Probability Of Success
Our model estimates a 9% chance this drug is eventually approved. It starts from the historical base rate for Phase 2 drugs in this area (about 24%), then adjusts using ten facts about the trial and sponsor. What moves the number most: it is helped by larger-than-typical enrollment for this phase and the sponsor's strong record of getting drugs approved; it is held back by heavier-than-usual blinding and weak or limited earlier-phase results. The other facts land near average for this stage, so they leave the estimate roughly where the base rate put it.
Risks
Efficacy risk: low at the surrogate level — amyloid clearance is essentially mechanism-confirmation, and donanemab already showed this antibody class clears plaques [3][5]. The harder question is whether subcutaneous PK delivers enough antibody to brain to match IV donanemab's depth of clearance. Shallower clearance weakens both regulatory and payer arguments. Safety risk: ARIA (amyloid-related imaging abnormalities) is the class signature — brain swelling (ARIA-E) and microhemorrhage (ARIA-H) seen on MRI, occasionally symptomatic, rarely fatal [1][10]. For reference, TRAILBLAZER-ALZ 2 reported ARIA-E in ~24% and ARIA-H in ~31% of donanemab-treated patients; these are the baseline comparators for any subQ safety readout [3]. APOE4 homozygotes are the highest-risk subgroup. Donanemab's label carries warnings; lecanemab's open-label extension reported ARIA-related deaths in patients on concurrent anticoagulants, and anticoagulant co-use is now a label warning for the class [10]. Subcutaneous dosing could either soften or worsen the ARIA profile depending on Cmax — unknown until the Phase 3 safety database publishes. Execution risk: enrollment is done; the bigger execution question is the BLA package. FDA's 2024 advisory committee for donanemab was contentious despite approval. A second franchise asset entering with surrogate-only data could face tougher scrutiny [5]. Commercial risk is the largest near-term issue. Kisunla's launch has been slower than Leqembi due to infusion-clinic logistics, prior-auth friction, and modest cognitive benefit relative to cost (~$32,000/year list) [6]. If remternetug launches at similar pricing with similar effect size but home injection, it cannibalizes Kisunla rather than expanding the market — Lilly is fine with that, but absolute revenue lift may disappoint. Payers are pushing back hard on the entire anti-amyloid class; CMS coverage is restrictive.
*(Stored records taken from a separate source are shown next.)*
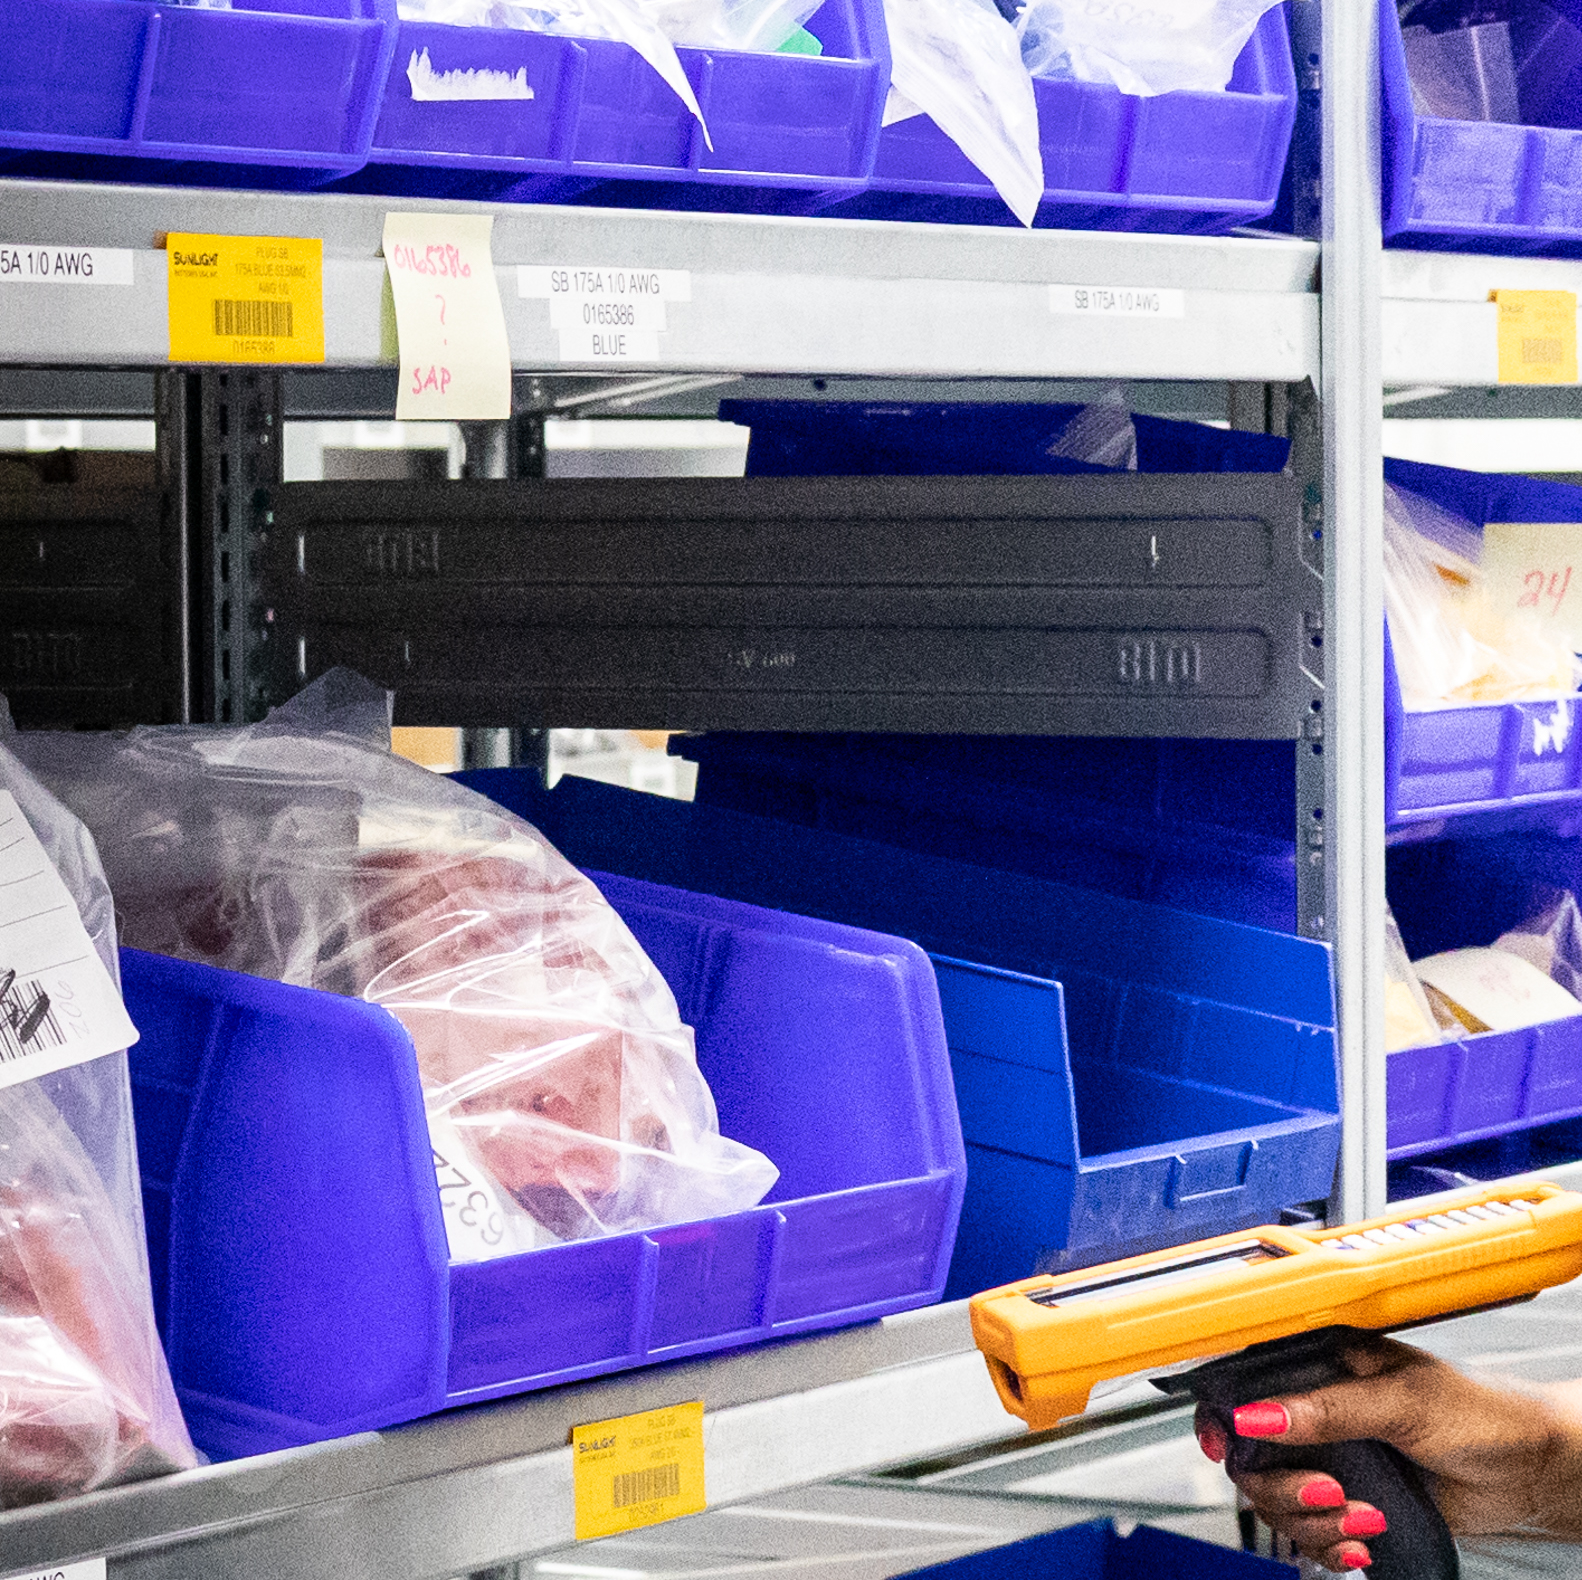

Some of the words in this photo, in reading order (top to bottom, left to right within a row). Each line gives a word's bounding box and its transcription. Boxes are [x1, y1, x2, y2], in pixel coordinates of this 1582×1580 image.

[27, 251, 49, 275] 1/0
[54, 252, 93, 276] AWG
[551, 271, 569, 293] SB
[574, 272, 604, 293] 175A
[608, 273, 626, 294] 1/0
[629, 274, 660, 295] AWG
[1074, 289, 1089, 309] SB
[1092, 291, 1116, 310] 175A
[1135, 293, 1160, 312] AWG
[583, 303, 635, 326] 0165386
[592, 334, 627, 356] BLUE
[412, 365, 452, 395] SAP
[1517, 566, 1572, 617] 24
Subcutaneous convenience helps adherence but does not fix payer math.
Biocosm Assessment
Worth watching, but the signal is narrower than the Phase 3 readout headline suggests. The relevant question is not 'does remternetug clear amyloid' — donanemab already proved the mechanism works — but 'does the subcutaneous formulation match IV depth of clearance, and at what ARIA cost?' If both metrics match Kisunla, remternetug becomes the default anti-amyloid asset for Lilly's franchise and Kisunla effectively retires within 2-3 years [5][6]. Specific data points to watch: (1) percent of patients achieving complete plaque clearance at the timepoint comparable to donanemab's TRAILBLAZER-ALZ 2 — anything below 60% at 18 months signals the subQ route under-delivers [3], (2) ARIA-E and ARIA-H rates by APOE4 status, especially in homozygotes, benchmarked against donanemab's ~24%/31% — anything materially worse is a payer killer [3][10], and (3) any FDA signal on whether amyloid clearance alone supports approval or whether cognitive data will be required for the BLA. Check back at TRAILRUNNER-ALZ 1 topline expected 2026-H2; watch Lilly Q1/Q2 2026 earnings calls and investor day commentary for filing timing [6]. The DIAN-TU readout is estimated 2028-2030 based on platform enrollment pace and is a separate scientific story — primary prevention in genetic AD is more interesting biology but the smaller commercial bet [4]. Connection to Lilly: 2025 revenue was ~$65B per 10-K [6]; Kisunla is a small contributor relative to incretins (analyst peak sales estimates for the donanemab/remternetug franchise generally sit in the $1-3B range, dwarfed by tirzepatide), but the AD franchise matters for Lilly's positioning as a CNS player. This is franchise defense, not a moonshot.